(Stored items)
=== Begin Enclosure ===

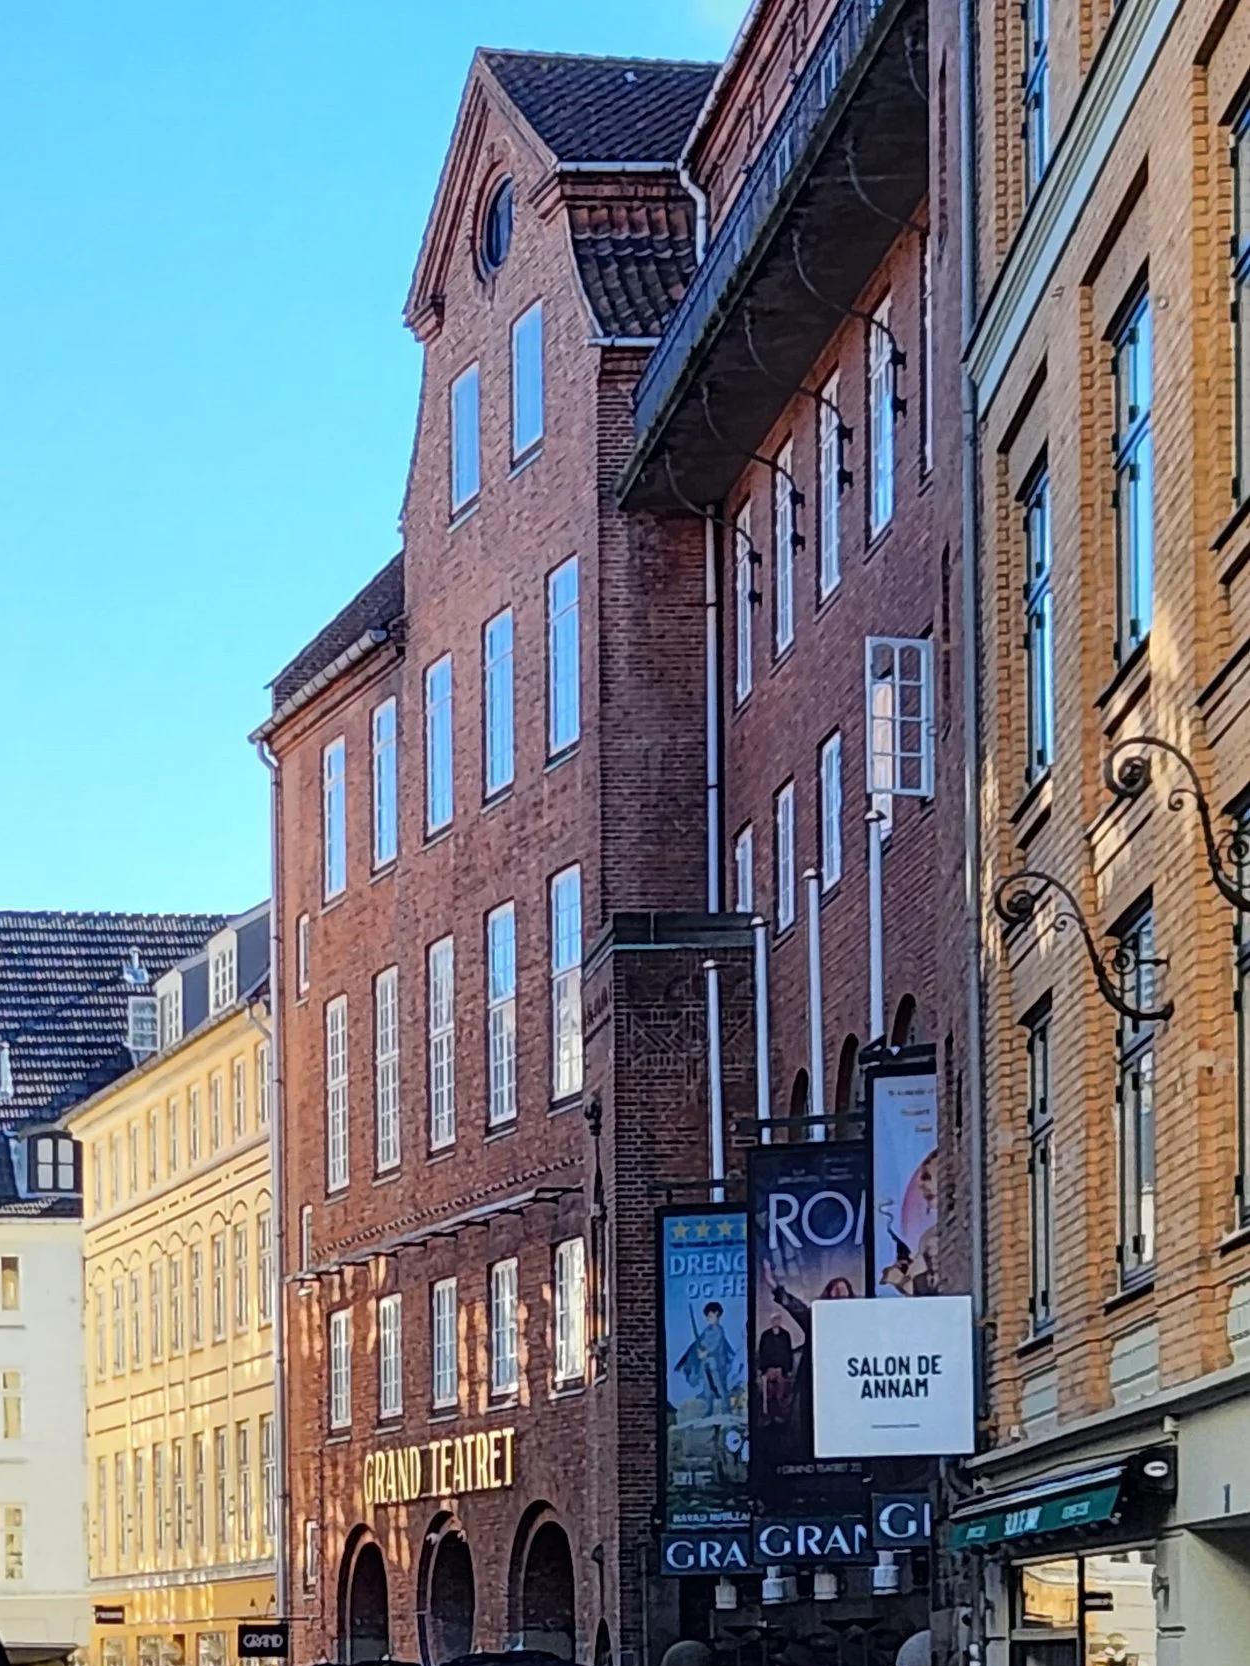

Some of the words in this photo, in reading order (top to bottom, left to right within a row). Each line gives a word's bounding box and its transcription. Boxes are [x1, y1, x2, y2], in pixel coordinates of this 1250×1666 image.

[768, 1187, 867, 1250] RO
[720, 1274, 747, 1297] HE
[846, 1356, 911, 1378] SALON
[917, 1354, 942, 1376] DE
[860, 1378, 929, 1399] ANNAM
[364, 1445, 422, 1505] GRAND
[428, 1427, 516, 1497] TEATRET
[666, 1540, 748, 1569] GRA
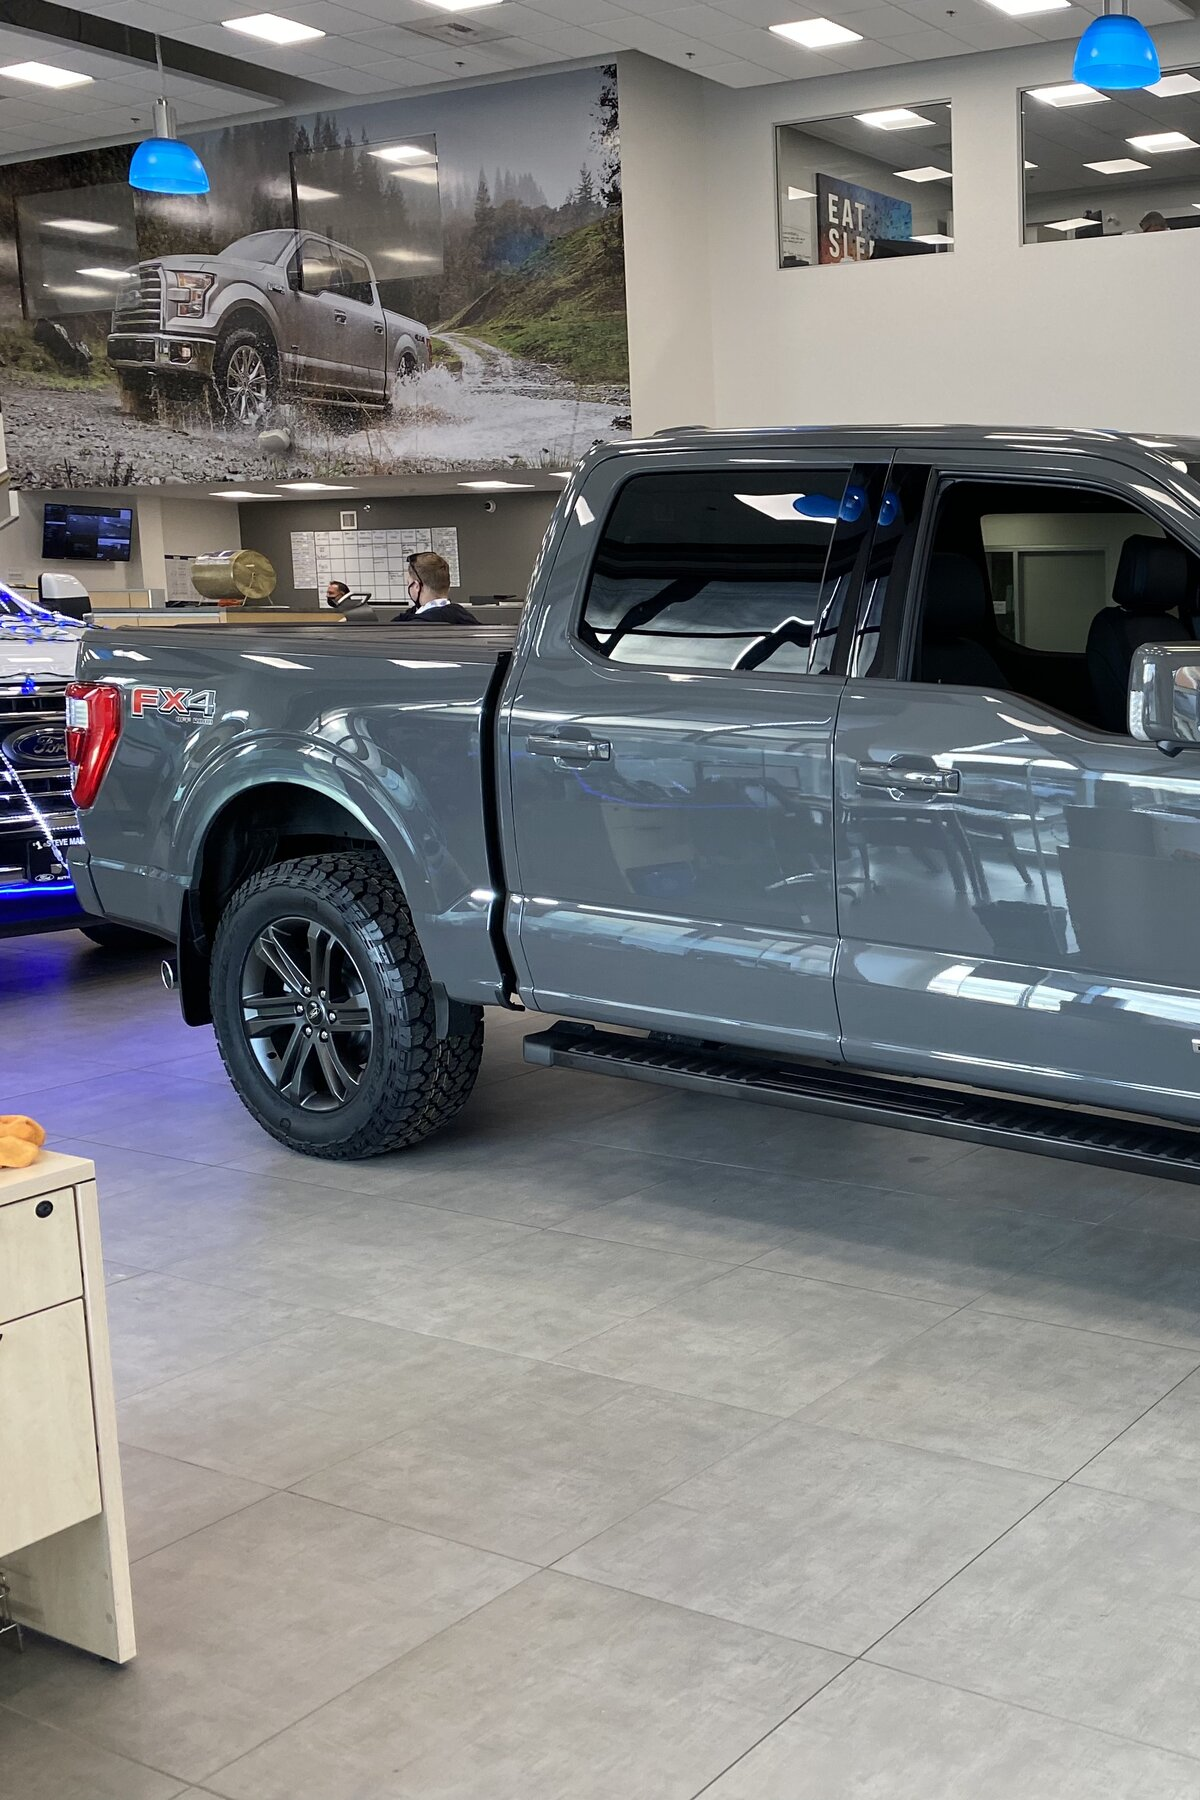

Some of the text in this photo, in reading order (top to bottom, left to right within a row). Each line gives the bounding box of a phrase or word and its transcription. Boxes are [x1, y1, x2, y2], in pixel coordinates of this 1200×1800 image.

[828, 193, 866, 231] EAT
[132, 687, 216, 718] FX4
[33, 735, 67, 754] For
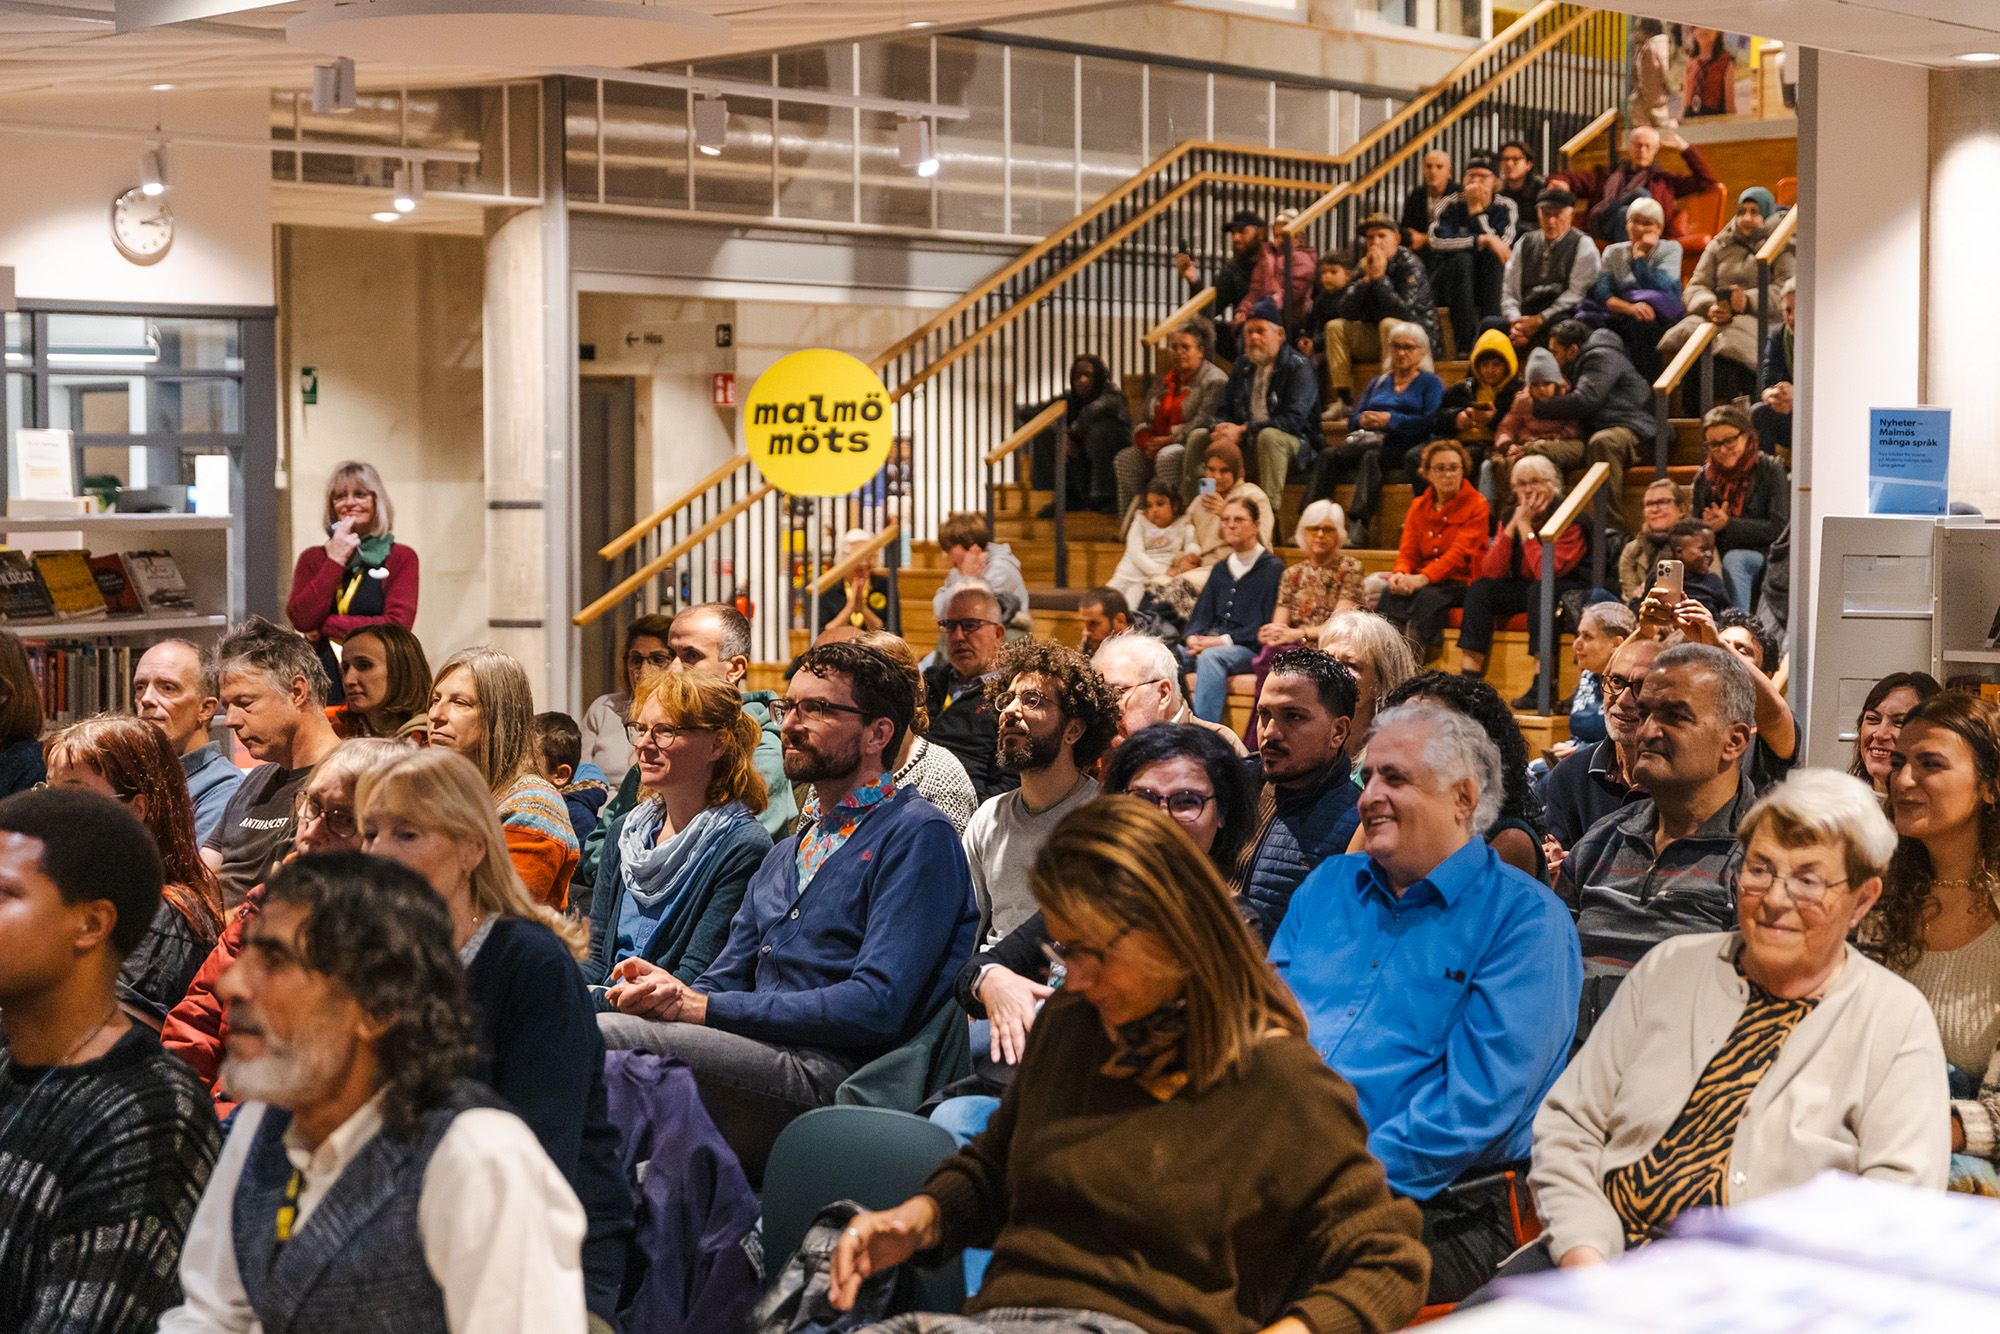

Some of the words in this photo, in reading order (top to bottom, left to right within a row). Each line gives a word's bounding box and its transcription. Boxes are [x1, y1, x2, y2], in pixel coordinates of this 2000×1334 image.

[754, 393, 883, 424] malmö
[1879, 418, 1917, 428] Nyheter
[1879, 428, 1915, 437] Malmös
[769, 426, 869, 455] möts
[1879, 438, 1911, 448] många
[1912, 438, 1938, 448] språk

=== End Enclosure ===

YOUR ASSIGNMENT — Without copying any picture, repeat all of the entries exactly.

TASK SOLUTION —
Some of the words in this photo, in reading order (top to bottom, left to right within a row). Each line gives a word's bounding box and its transcription. Boxes are [x1, y1, x2, y2], in pixel coordinates of this 1250×1666 image.

[768, 1187, 867, 1250] RO
[720, 1274, 747, 1297] HE
[846, 1356, 911, 1378] SALON
[917, 1354, 942, 1376] DE
[860, 1378, 929, 1399] ANNAM
[364, 1445, 422, 1505] GRAND
[428, 1427, 516, 1497] TEATRET
[666, 1540, 748, 1569] GRA

Some of the text in this photo, in reading order (top to bottom, left to right within a row). Each line gives the bounding box of a phrase or word and its transcription. Boxes are [x1, y1, x2, y2], in pixel coordinates of this 1200×1800 image.

[828, 193, 866, 231] EAT
[132, 687, 216, 718] FX4
[33, 735, 67, 754] For

Some of the words in this photo, in reading order (top to bottom, left to right within a row). Each line gives a word's bounding box and its transcription. Boxes are [x1, y1, x2, y2], in pixel coordinates of this 2000×1334 image.

[754, 393, 883, 424] malmö
[1879, 418, 1917, 428] Nyheter
[1879, 428, 1915, 437] Malmös
[769, 426, 869, 455] möts
[1879, 438, 1911, 448] många
[1912, 438, 1938, 448] språk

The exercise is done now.